— У меня сейчас в голове всё этот твой немец торчит, — заговорил Зорин, нагибаясь через стол к Казымову, — ну тот, про которого ты в красном уголке рассказывал, кто резцы-то прятал. Он мне сейчас пещерным человеком с дубинкой представляется. Мы от них на столетие отмахали. Эх, и времена ж начались, Петрович! Подумаешь — голова кружится, куда забрались!
— А я вот о нём всё думаю, — кивнул Казымов на Шумилова, который сидел против Вали и смотрел на девушку блаженными, преданными глазами, должно быть, никого не видя и не слыша в эту минуту кроме неё. — Он вот пришёл ко мне, поздравил от души, от сердца поздравил. А я вот не знаю, пришёл бы я к нему? А? Как ты думаешь, пехота?

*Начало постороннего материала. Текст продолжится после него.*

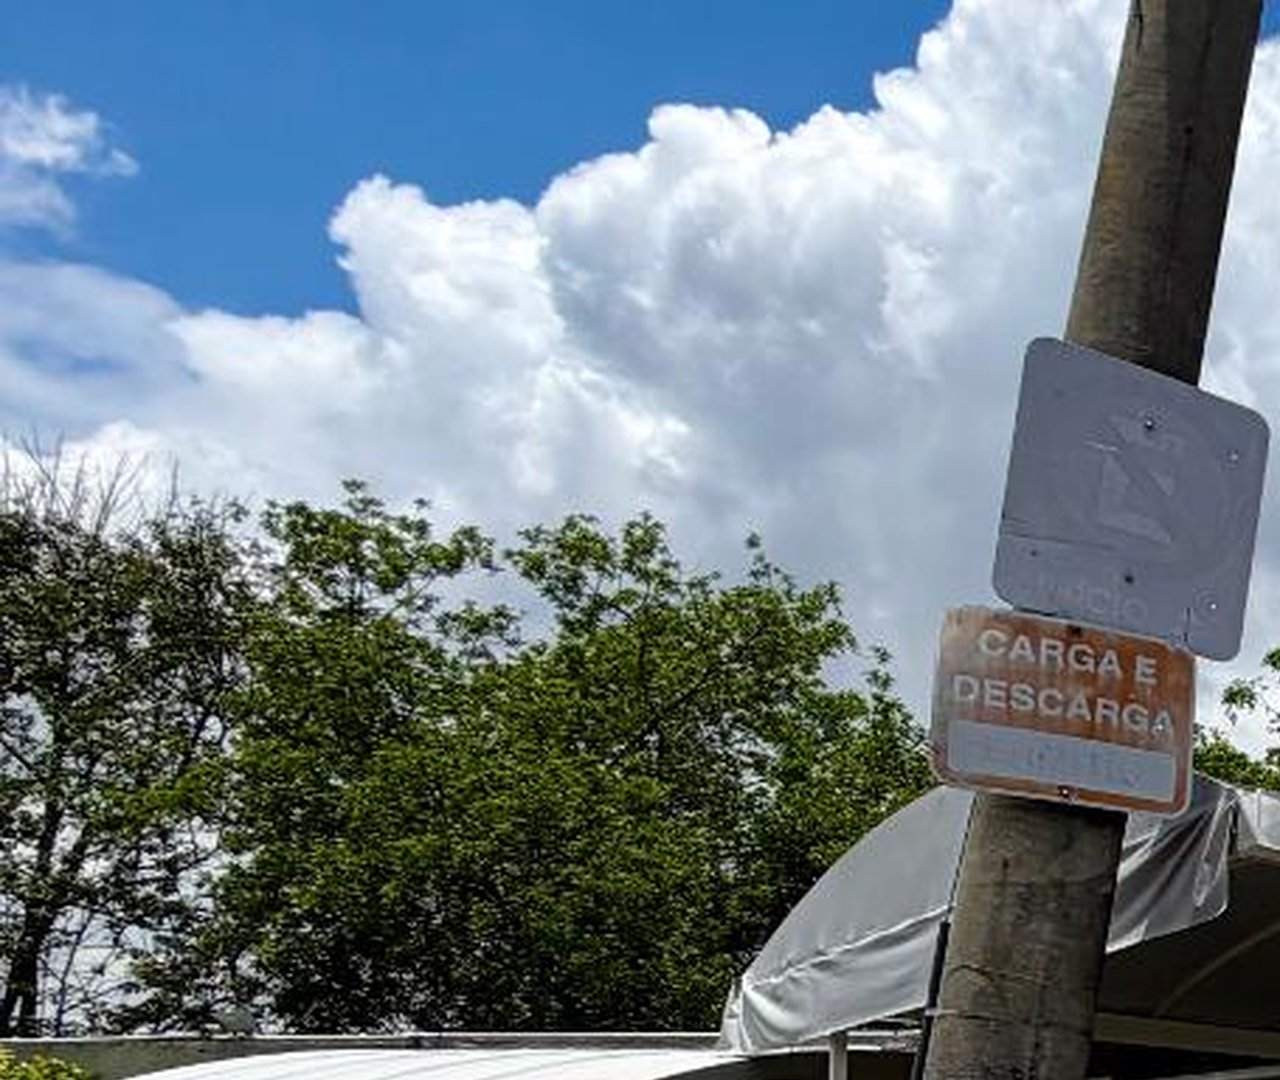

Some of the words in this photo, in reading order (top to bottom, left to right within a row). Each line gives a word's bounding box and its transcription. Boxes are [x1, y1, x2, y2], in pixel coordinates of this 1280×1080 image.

— Точно. Всё понятно, — басил Зорин. — Ты сколько там по Европам болтался, фрицев перевоспитывал? А жизнь-то здесь вперёд шла, люди-то поднимались. Вот он на комоде стукает, — кивнул Зорин на будильник, — попробуй его удержи. У мартена ты Шумилова обогнал. Верно. Телеграмма от министра: поздравляю и прочее... Но не во всём ты его обогнал, нет, не во всём.
Вино уже начало забирать Зорина. Но как это бывает с открытыми, общительными, хорошими людьми, хмель только веселил его и делал ещё более обаятельным. Наклонившись к Казымову через стол, сверкая своими плутоватыми глазами, он заговорщически шептал, косясь на молодую парочку.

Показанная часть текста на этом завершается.